The data must be returned in full and exactly as given.
BEGIN Records provided
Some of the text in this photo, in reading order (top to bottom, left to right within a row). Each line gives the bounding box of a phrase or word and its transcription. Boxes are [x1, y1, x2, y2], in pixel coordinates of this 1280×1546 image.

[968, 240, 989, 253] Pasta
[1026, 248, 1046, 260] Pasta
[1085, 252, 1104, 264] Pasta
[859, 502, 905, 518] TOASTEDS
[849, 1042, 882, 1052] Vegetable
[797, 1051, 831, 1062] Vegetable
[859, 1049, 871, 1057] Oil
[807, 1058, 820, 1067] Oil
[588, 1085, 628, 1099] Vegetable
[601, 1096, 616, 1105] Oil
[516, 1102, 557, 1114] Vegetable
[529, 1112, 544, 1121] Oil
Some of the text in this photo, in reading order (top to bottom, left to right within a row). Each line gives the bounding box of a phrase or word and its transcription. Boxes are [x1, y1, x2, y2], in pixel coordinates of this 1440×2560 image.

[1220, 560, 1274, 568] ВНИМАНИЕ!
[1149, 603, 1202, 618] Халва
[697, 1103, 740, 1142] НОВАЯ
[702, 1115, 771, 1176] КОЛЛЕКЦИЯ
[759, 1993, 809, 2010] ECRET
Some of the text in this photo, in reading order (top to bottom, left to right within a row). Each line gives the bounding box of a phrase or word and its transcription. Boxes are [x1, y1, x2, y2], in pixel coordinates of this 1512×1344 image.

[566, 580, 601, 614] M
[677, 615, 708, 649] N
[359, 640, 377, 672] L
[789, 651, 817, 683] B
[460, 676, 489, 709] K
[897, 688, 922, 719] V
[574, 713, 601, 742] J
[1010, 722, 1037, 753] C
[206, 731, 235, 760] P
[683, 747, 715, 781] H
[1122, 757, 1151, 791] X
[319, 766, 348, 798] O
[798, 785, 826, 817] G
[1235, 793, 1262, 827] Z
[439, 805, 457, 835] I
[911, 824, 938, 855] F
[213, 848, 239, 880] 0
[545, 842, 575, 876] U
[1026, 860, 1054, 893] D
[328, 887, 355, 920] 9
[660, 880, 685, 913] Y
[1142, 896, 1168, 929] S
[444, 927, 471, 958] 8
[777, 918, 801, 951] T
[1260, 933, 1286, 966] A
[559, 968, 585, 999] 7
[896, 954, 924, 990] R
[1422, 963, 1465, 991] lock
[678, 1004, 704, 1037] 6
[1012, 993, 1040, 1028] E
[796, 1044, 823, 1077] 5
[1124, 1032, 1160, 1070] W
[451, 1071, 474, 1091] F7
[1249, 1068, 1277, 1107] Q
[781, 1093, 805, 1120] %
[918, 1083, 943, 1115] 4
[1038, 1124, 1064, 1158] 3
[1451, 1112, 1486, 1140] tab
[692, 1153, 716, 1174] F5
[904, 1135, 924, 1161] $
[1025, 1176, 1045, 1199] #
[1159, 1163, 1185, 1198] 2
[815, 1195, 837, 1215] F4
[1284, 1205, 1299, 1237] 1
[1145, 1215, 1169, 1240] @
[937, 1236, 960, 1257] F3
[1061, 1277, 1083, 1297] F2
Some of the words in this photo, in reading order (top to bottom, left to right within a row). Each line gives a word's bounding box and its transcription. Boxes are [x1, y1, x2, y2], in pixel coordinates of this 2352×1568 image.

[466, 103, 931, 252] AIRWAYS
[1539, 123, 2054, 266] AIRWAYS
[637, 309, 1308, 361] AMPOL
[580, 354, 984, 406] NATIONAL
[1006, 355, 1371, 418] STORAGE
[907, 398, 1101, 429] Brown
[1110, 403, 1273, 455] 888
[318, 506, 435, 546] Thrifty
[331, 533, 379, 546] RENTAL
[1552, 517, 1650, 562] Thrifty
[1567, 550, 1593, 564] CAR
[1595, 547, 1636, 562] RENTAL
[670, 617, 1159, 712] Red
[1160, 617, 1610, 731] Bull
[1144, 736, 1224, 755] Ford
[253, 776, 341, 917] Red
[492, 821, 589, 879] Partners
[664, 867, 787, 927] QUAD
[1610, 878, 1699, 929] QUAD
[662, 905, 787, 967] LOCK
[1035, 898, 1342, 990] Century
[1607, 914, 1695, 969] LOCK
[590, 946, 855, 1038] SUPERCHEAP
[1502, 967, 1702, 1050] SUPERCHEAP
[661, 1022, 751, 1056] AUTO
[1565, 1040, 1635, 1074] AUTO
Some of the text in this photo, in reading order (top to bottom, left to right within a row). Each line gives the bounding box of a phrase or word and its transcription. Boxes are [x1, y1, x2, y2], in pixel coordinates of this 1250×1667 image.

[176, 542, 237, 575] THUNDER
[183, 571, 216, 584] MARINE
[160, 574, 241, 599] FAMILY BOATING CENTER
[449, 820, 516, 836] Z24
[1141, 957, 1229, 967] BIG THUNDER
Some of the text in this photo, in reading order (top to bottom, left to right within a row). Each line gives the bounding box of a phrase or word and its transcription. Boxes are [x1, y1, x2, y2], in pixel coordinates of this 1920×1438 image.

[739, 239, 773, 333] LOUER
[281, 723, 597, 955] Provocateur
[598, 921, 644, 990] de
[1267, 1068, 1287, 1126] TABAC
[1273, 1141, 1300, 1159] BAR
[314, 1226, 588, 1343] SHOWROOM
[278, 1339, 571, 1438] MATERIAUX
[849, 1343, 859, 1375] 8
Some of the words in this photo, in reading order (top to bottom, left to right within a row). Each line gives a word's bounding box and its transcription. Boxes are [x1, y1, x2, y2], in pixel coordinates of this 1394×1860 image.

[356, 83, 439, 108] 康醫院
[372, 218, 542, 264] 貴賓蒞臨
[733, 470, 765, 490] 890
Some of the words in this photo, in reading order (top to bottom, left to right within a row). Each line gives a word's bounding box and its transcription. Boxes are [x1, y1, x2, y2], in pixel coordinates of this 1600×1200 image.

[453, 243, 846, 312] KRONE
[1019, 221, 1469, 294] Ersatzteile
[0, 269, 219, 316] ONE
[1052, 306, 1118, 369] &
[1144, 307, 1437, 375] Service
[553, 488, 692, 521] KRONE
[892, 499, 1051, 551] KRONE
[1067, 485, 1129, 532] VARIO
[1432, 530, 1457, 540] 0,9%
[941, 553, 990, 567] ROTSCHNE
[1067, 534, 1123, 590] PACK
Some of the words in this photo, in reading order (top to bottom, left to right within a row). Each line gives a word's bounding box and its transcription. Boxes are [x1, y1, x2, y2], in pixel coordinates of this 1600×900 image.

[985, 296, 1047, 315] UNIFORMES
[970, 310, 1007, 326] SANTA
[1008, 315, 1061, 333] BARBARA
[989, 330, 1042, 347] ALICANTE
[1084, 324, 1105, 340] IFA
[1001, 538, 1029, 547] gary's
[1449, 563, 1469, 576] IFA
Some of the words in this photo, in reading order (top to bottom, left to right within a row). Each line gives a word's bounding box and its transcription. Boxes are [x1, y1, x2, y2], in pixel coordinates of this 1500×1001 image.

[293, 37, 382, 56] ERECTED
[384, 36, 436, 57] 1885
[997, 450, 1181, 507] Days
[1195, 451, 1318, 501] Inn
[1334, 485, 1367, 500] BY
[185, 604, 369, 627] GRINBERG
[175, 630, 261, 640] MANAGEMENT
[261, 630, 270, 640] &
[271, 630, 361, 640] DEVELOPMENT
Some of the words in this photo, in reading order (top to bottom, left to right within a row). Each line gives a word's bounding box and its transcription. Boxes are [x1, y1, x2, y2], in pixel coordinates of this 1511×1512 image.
END Records provided
* _Exercise solution_:
Some of the text in this photo, in reading order (top to bottom, left to right within a row). Each line gives the bounding box of a phrase or word and its transcription. Boxes are [x1, y1, x2, y2], in pixel coordinates of this 1280×1546 image.

[968, 240, 989, 253] Pasta
[1026, 248, 1046, 260] Pasta
[1085, 252, 1104, 264] Pasta
[859, 502, 905, 518] TOASTEDS
[849, 1042, 882, 1052] Vegetable
[797, 1051, 831, 1062] Vegetable
[859, 1049, 871, 1057] Oil
[807, 1058, 820, 1067] Oil
[588, 1085, 628, 1099] Vegetable
[601, 1096, 616, 1105] Oil
[516, 1102, 557, 1114] Vegetable
[529, 1112, 544, 1121] Oil
Some of the text in this photo, in reading order (top to bottom, left to right within a row). Each line gives the bounding box of a phrase or word and its transcription. Boxes are [x1, y1, x2, y2], in pixel coordinates of this 1440×2560 image.

[1220, 560, 1274, 568] ВНИМАНИЕ!
[1149, 603, 1202, 618] Халва
[697, 1103, 740, 1142] НОВАЯ
[702, 1115, 771, 1176] КОЛЛЕКЦИЯ
[759, 1993, 809, 2010] ECRET
Some of the text in this photo, in reading order (top to bottom, left to right within a row). Each line gives the bounding box of a phrase or word and its transcription. Boxes are [x1, y1, x2, y2], in pixel coordinates of this 1512×1344 image.

[566, 580, 601, 614] M
[677, 615, 708, 649] N
[359, 640, 377, 672] L
[789, 651, 817, 683] B
[460, 676, 489, 709] K
[897, 688, 922, 719] V
[574, 713, 601, 742] J
[1010, 722, 1037, 753] C
[206, 731, 235, 760] P
[683, 747, 715, 781] H
[1122, 757, 1151, 791] X
[319, 766, 348, 798] O
[798, 785, 826, 817] G
[1235, 793, 1262, 827] Z
[439, 805, 457, 835] I
[911, 824, 938, 855] F
[213, 848, 239, 880] 0
[545, 842, 575, 876] U
[1026, 860, 1054, 893] D
[328, 887, 355, 920] 9
[660, 880, 685, 913] Y
[1142, 896, 1168, 929] S
[444, 927, 471, 958] 8
[777, 918, 801, 951] T
[1260, 933, 1286, 966] A
[559, 968, 585, 999] 7
[896, 954, 924, 990] R
[1422, 963, 1465, 991] lock
[678, 1004, 704, 1037] 6
[1012, 993, 1040, 1028] E
[796, 1044, 823, 1077] 5
[1124, 1032, 1160, 1070] W
[451, 1071, 474, 1091] F7
[1249, 1068, 1277, 1107] Q
[781, 1093, 805, 1120] %
[918, 1083, 943, 1115] 4
[1038, 1124, 1064, 1158] 3
[1451, 1112, 1486, 1140] tab
[692, 1153, 716, 1174] F5
[904, 1135, 924, 1161] $
[1025, 1176, 1045, 1199] #
[1159, 1163, 1185, 1198] 2
[815, 1195, 837, 1215] F4
[1284, 1205, 1299, 1237] 1
[1145, 1215, 1169, 1240] @
[937, 1236, 960, 1257] F3
[1061, 1277, 1083, 1297] F2
Some of the words in this photo, in reading order (top to bottom, left to right within a row). Each line gives a word's bounding box and its transcription. Boxes are [x1, y1, x2, y2], in pixel coordinates of this 2352×1568 image.

[466, 103, 931, 252] AIRWAYS
[1539, 123, 2054, 266] AIRWAYS
[637, 309, 1308, 361] AMPOL
[580, 354, 984, 406] NATIONAL
[1006, 355, 1371, 418] STORAGE
[907, 398, 1101, 429] Brown
[1110, 403, 1273, 455] 888
[318, 506, 435, 546] Thrifty
[331, 533, 379, 546] RENTAL
[1552, 517, 1650, 562] Thrifty
[1567, 550, 1593, 564] CAR
[1595, 547, 1636, 562] RENTAL
[670, 617, 1159, 712] Red
[1160, 617, 1610, 731] Bull
[1144, 736, 1224, 755] Ford
[253, 776, 341, 917] Red
[492, 821, 589, 879] Partners
[664, 867, 787, 927] QUAD
[1610, 878, 1699, 929] QUAD
[662, 905, 787, 967] LOCK
[1035, 898, 1342, 990] Century
[1607, 914, 1695, 969] LOCK
[590, 946, 855, 1038] SUPERCHEAP
[1502, 967, 1702, 1050] SUPERCHEAP
[661, 1022, 751, 1056] AUTO
[1565, 1040, 1635, 1074] AUTO
Some of the text in this photo, in reading order (top to bottom, left to right within a row). Each line gives the bounding box of a phrase or word and its transcription. Boxes are [x1, y1, x2, y2], in pixel coordinates of this 1250×1667 image.

[176, 542, 237, 575] THUNDER
[183, 571, 216, 584] MARINE
[160, 574, 241, 599] FAMILY BOATING CENTER
[449, 820, 516, 836] Z24
[1141, 957, 1229, 967] BIG THUNDER
Some of the text in this photo, in reading order (top to bottom, left to right within a row). Each line gives the bounding box of a phrase or word and its transcription. Boxes are [x1, y1, x2, y2], in pixel coordinates of this 1920×1438 image.

[739, 239, 773, 333] LOUER
[281, 723, 597, 955] Provocateur
[598, 921, 644, 990] de
[1267, 1068, 1287, 1126] TABAC
[1273, 1141, 1300, 1159] BAR
[314, 1226, 588, 1343] SHOWROOM
[278, 1339, 571, 1438] MATERIAUX
[849, 1343, 859, 1375] 8
Some of the words in this photo, in reading order (top to bottom, left to right within a row). Each line gives a word's bounding box and its transcription. Boxes are [x1, y1, x2, y2], in pixel coordinates of this 1394×1860 image.

[356, 83, 439, 108] 康醫院
[372, 218, 542, 264] 貴賓蒞臨
[733, 470, 765, 490] 890
Some of the words in this photo, in reading order (top to bottom, left to right within a row). Each line gives a word's bounding box and its transcription. Boxes are [x1, y1, x2, y2], in pixel coordinates of this 1600×1200 image.

[453, 243, 846, 312] KRONE
[1019, 221, 1469, 294] Ersatzteile
[0, 269, 219, 316] ONE
[1052, 306, 1118, 369] &
[1144, 307, 1437, 375] Service
[553, 488, 692, 521] KRONE
[892, 499, 1051, 551] KRONE
[1067, 485, 1129, 532] VARIO
[1432, 530, 1457, 540] 0,9%
[941, 553, 990, 567] ROTSCHNE
[1067, 534, 1123, 590] PACK
Some of the words in this photo, in reading order (top to bottom, left to right within a row). Each line gives a word's bounding box and its transcription. Boxes are [x1, y1, x2, y2], in pixel coordinates of this 1600×900 image.

[985, 296, 1047, 315] UNIFORMES
[970, 310, 1007, 326] SANTA
[1008, 315, 1061, 333] BARBARA
[989, 330, 1042, 347] ALICANTE
[1084, 324, 1105, 340] IFA
[1001, 538, 1029, 547] gary's
[1449, 563, 1469, 576] IFA
Some of the words in this photo, in reading order (top to bottom, left to right within a row). Each line gives a word's bounding box and its transcription. Boxes are [x1, y1, x2, y2], in pixel coordinates of this 1500×1001 image.

[293, 37, 382, 56] ERECTED
[384, 36, 436, 57] 1885
[997, 450, 1181, 507] Days
[1195, 451, 1318, 501] Inn
[1334, 485, 1367, 500] BY
[185, 604, 369, 627] GRINBERG
[175, 630, 261, 640] MANAGEMENT
[261, 630, 270, 640] &
[271, 630, 361, 640] DEVELOPMENT
Some of the words in this photo, in reading order (top to bottom, left to right within a row). Each line gives a word's bounding box and its transcription. Boxes are [x1, y1, x2, y2], in pixel coordinates of this 1511×1512 image.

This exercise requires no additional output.